# HOW TO COMPLETE THIS TASK
Omitting any pictures, transcribe the entries below exactly.

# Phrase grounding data
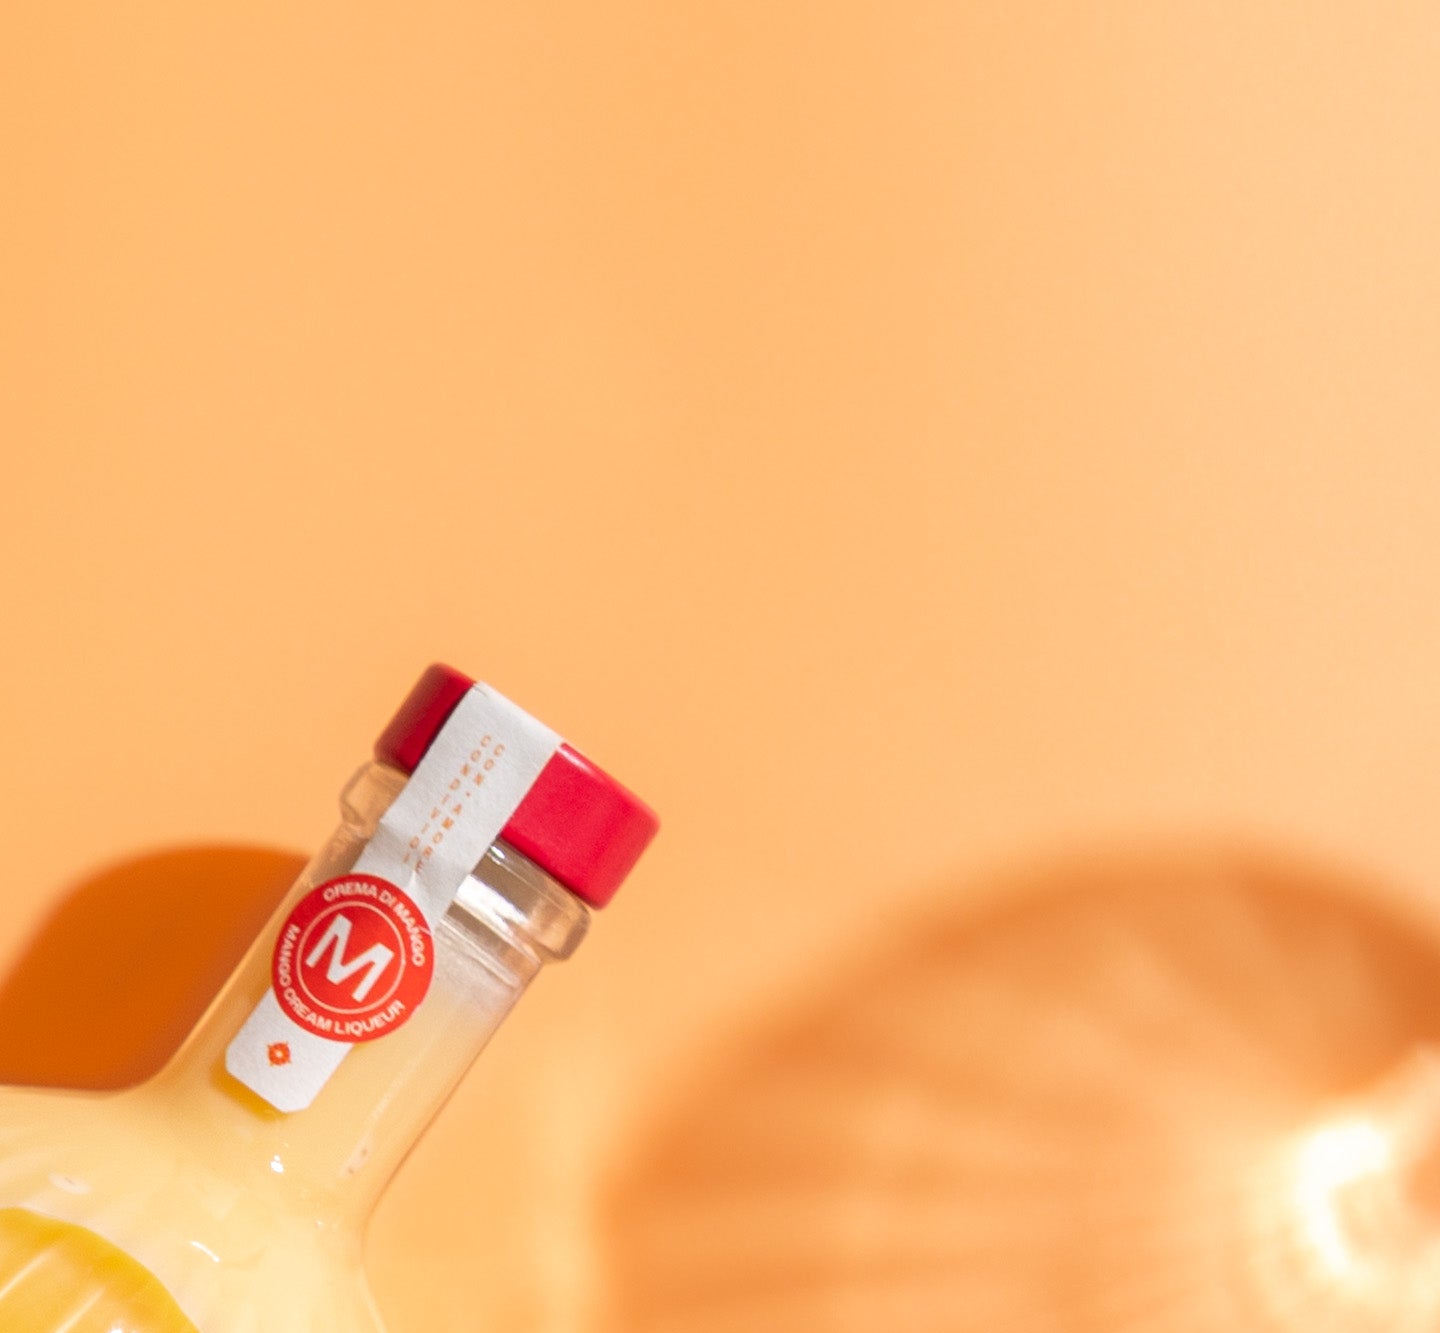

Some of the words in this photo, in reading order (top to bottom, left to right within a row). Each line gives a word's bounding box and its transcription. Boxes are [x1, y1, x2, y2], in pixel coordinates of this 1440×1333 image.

[279, 924, 300, 987] MANGO
[323, 882, 378, 901] CREMA
[379, 889, 396, 906] DI
[394, 903, 425, 967] MANGO
[305, 913, 394, 1003] M
[284, 988, 332, 1032] CREAM
[333, 1000, 405, 1037] LIQUEUR

# ANSWER FOR THIS EXERCISE
Some of the words in this photo, in reading order (top to bottom, left to right within a row). Each line gives a word's bounding box and its transcription. Boxes are [x1, y1, x2, y2], in pixel coordinates of this 1440×1333 image.

[279, 924, 300, 987] MANGO
[323, 882, 378, 901] CREMA
[379, 889, 396, 906] DI
[394, 903, 425, 967] MANGO
[305, 913, 394, 1003] M
[284, 988, 332, 1032] CREAM
[333, 1000, 405, 1037] LIQUEUR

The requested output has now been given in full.